Detailed methods for RNA-Seq analysis, ChIP sequencing (ChIP-Seq) analysis, ATAC sequencing (ATAC-Seq) analysis, reverse phase protein array analysis, and in vivo studies performed in mice are provided in the supplemental Methods (available on the Blood Web site).
Presence of mtRUNX1 and comutations confer inferior median survival in patients aged <60 years with AML exhibiting mtRUNX1
Using next-generation sequencing, we determined the incidence of RUNX1 mutations in 655 patients with relapsed or newly diagnosed, de novo and secondary AML (post-MPN and post-MDS) managed at the M.D. Anderson Cancer Center from July 2013 to June 2016. Of the 141 patients with AML harboring a RUNX1 mutation, 84 were documented as de novo AML, 47 as post-MDS secondary AML, and 10 as post-MPN secondary AML (supplemental Figure 1A). Supplemental Table 1 shows the site of the mutations in RUNX1 in the 141 patients with AML harboring RUNX1 mutation. The most frequent comutations with mtRUNX1 observed in decreasing frequency were in ASXL1, FLT3-ITD, TET2, DNMT3A, IDH1/2, RAS, PTPN11, JAK2, P53, and EZH2 genes (supplemental Figure 1B). The Circos plot depicting mutations and comutations with mtRUNX1 in this M.D. Anderson Cancer Center cohort is shown in supplemental Figure 1C. Patients aged <60 years with AML expressing mtRUNX1 exhibited significantly inferior median survival (18.4 months) than those without mtRUNX1 (48.4 months) (P < .001) (supplemental Figure 1D). However, the presence of mtRUNX1 did not significantly affect the median survival in patients aged >60 years (P > .1). These findings are consistent with those reported by others in patients with AML of comparable demographic and disease characteristics.21-23
RUNX1 knockdown inhibits growth and induces apoptosis of AML cells expressing mtRUNX1
We next transduced 2 separate shRNAs targeting RUNX1 into OCI-AML5 cells.

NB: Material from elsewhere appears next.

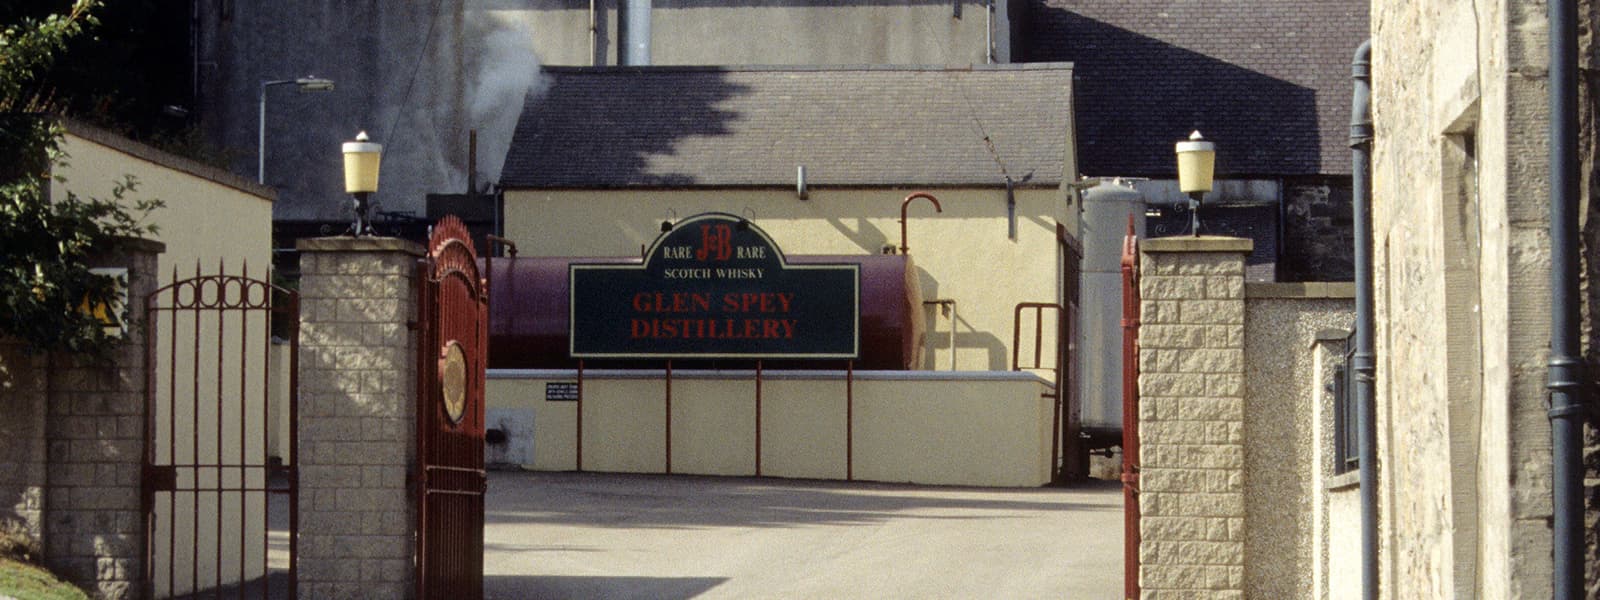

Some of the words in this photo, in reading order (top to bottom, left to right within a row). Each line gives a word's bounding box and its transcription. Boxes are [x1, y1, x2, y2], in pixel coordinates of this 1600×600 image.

These cells express mtRUNX1, along with co-mutations in ASXL1, EZH2, IKZF2, and PTPN11 (supplemental Figure 1E-F). The 2 shRNA target sequences in RUNX1 are shown in supplemental Figure 1G and do not distinguish between mutant versus wild-type transcripts of RUNX1 in the AML cells studied here. RUNX1 shRNA treatment significantly inhibited RUNX1 messenger RNA (mRNA) and protein levels, as well as reduced the mRNA and/or protein expression of RUNX1 target genes, including MYC, MYB, PU.1, and BCL2, as well as of myeloperoxidase (MPO); cell cycle inhibitor p27 levels were concomitantly upregulated in OCI-AML5 cells (Figure 1A-B). Reversed phase protein array analysis also showed that shRNA to RUNX1 downregulated 52 proteins and upregulated 31 proteins, which included reduction in p-RB, c-Myc, BCL-2, and NOTCH1 levels, with concomitant induction of p27 levels in OCI-AML5 cells (supplemental Figure 2A). Consistent with this finding, knockdown of RUNX1 induced myeloid differentiation, including an increase in the percentage of cells expressing CD11b and CD86 (supplemental Figure 2B-D). shRNA to RUNX1 also repressed RUNX1 expression, induced phenotypic markers of differentiation, and induced apoptosis of mtRUNX1-expressing Mono-Mac-1 cells (supplemental Figure 2E-F). Although shRNAs to RUNX1 repressed RUNX1 mRNA and protein levels to a similar extent in OCI-AML2, THP1, and HEL92.1.7 cells, all expressing wtRUNX1 (supplemental Figure 2G-H), they induced significantly more apoptosis in OCI-AML5 and Mono-Mac-1 (Figures 1D; supplemental Figure 2E,I).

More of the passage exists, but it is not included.